Chinese Nationalist Party (KMT) Legislator Yang Yu-hsin (楊玉欣) came under fire from labor rights groups yesterday as her office recently posted a vacancy notice which required applicants to be at least 30 years old.
Yang’s office posted hiring notices on bulletin boards in the Legislative Yuan for office assistants. Besides requiring applicants to have background in certain fields and experience working in non-governmental organizations, the notice also required those who intended to apply for the job to be at least 30 years old.
“Requiring job applicants to be of a certain age is discrimination; it’s illegal,” Youth Labor Union 95 spokeswoman Chen Hsiao-wen (陳曉雯) said. “If they absolutely need someone who is 30 years old or above, then the employer must clarify why.”
Photo: Tsai Meng-shang, Taipei Times
Chen was referring to Article 5 of the Employment Services Act (就業服務法), which prohibits any employer from discriminating against a job applicant or an employee on the basis of race, social class, language, ideology, religion, political party affiliation, place of origin, place of birth, sex, sexual orientation, age, marital status, appearance, facial features, disabilities or union membership.
Labor Rights Association executive director Wang Chuan-ping (王娟萍) said the minimum age requirement was probably set because the office prefers someone with extensive experience.
“But some people may have acquired the relevant experience at school, they may have been concerned about social issues in college and if they are confident that they can handle the job, then why can they not apply?” Wang said. “Applicants should be judged by capability, not age.”
Taiwan Labor Front secretary-general Son Yu-lian (孫友聯) asked labor authorities to impose severe penalties on Yang.
“Lawmakers make the laws and are supposed to know them better than other employers,” he said. “When lawmakers break the law that they made, they should be punished more severely than others.”
Yang was unavailable for comment on the criticism.
Yang’s office director, Lee Li-hsien (李麗仙), responded on the legislator’s behalf, saying the office is looking for someone with experience, but had not noticed that the notice was in violation of the Employment Services Act.

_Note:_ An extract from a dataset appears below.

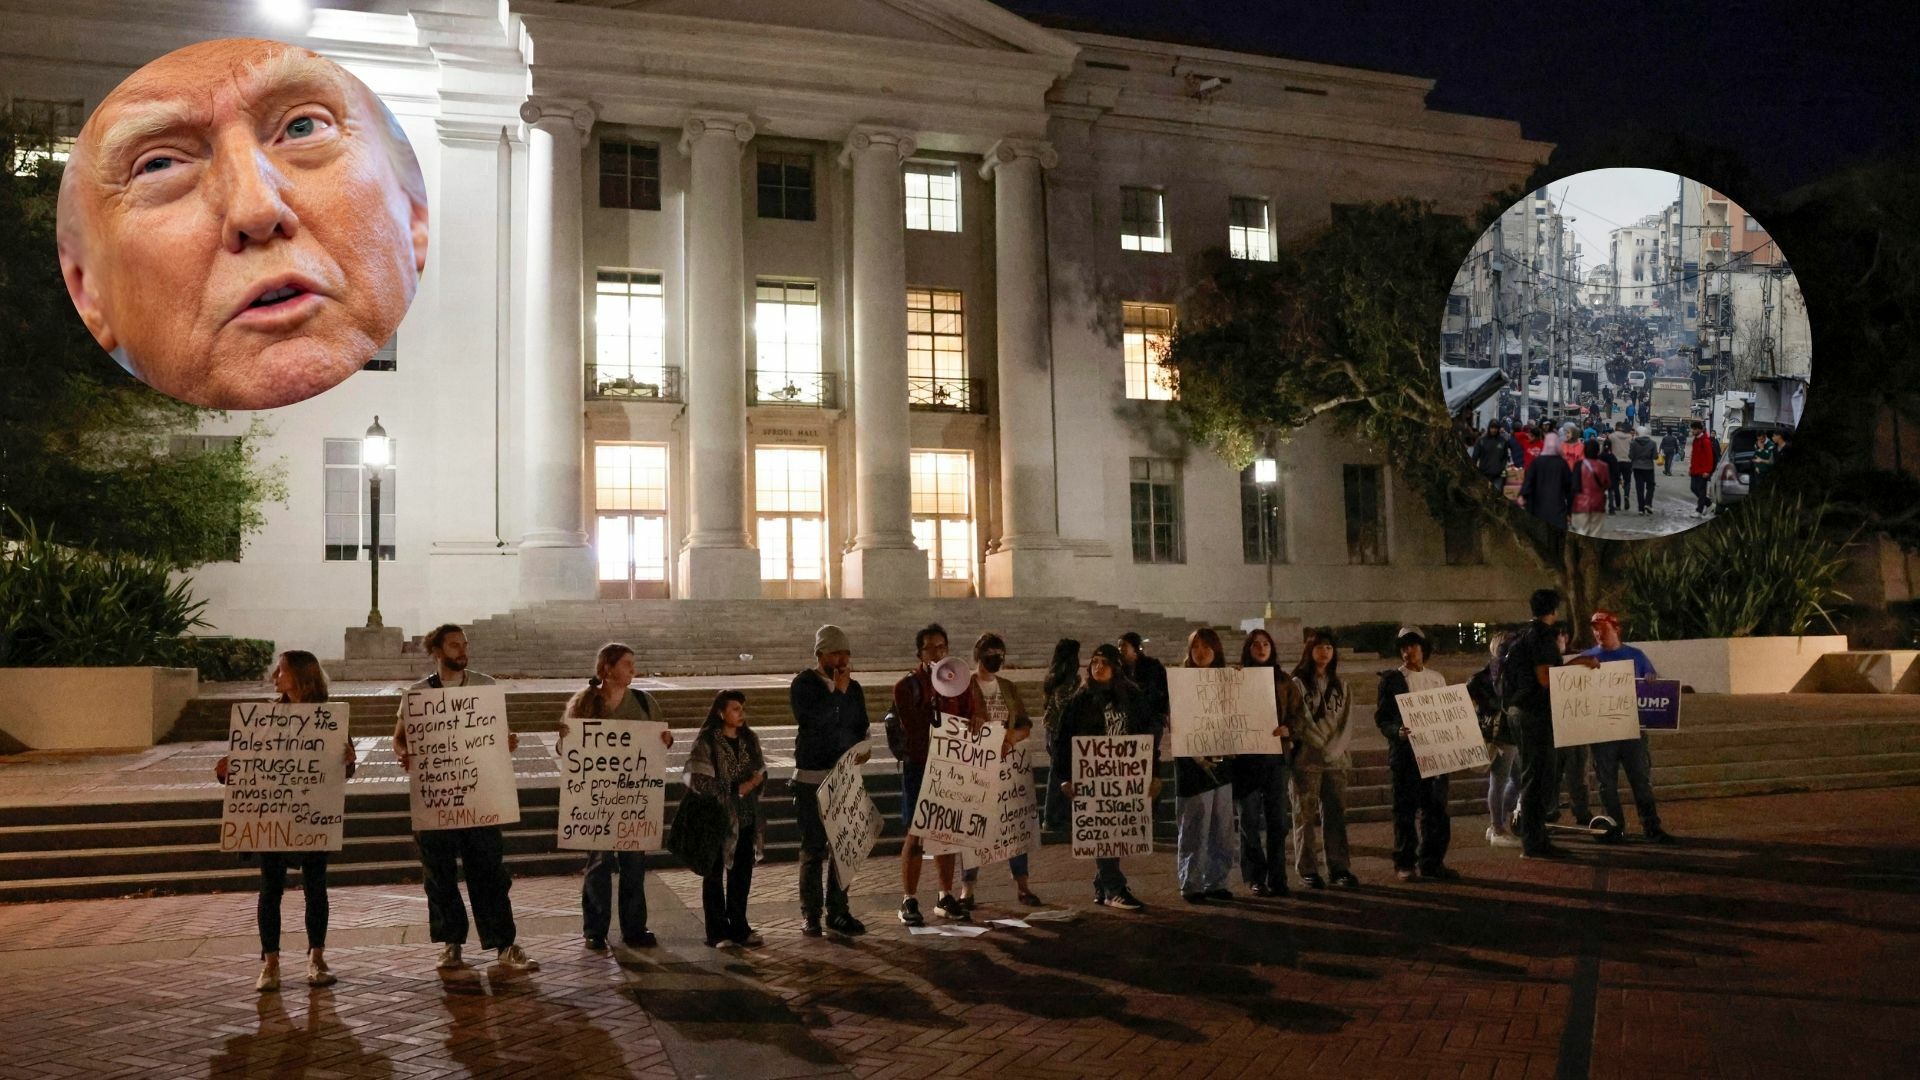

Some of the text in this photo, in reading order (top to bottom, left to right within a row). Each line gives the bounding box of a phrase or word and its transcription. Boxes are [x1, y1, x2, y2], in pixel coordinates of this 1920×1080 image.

“We’ve already removed the notice, we took it down as soon as we learned it was unlawful,” she said.
Labor activists are upset because this is not the first time that lawmakers have made such mistakes.
In April, KMT caucus whip Hsu Yao-chang (徐耀昌) triggered controversy when his office posted a hiring notice for an office assistant, adding that only female applicants would be considered. Hsu later openly apologized for it.
The Taipei City Department of Labor said it would launch a probe into Yang’s case and take action accordingly.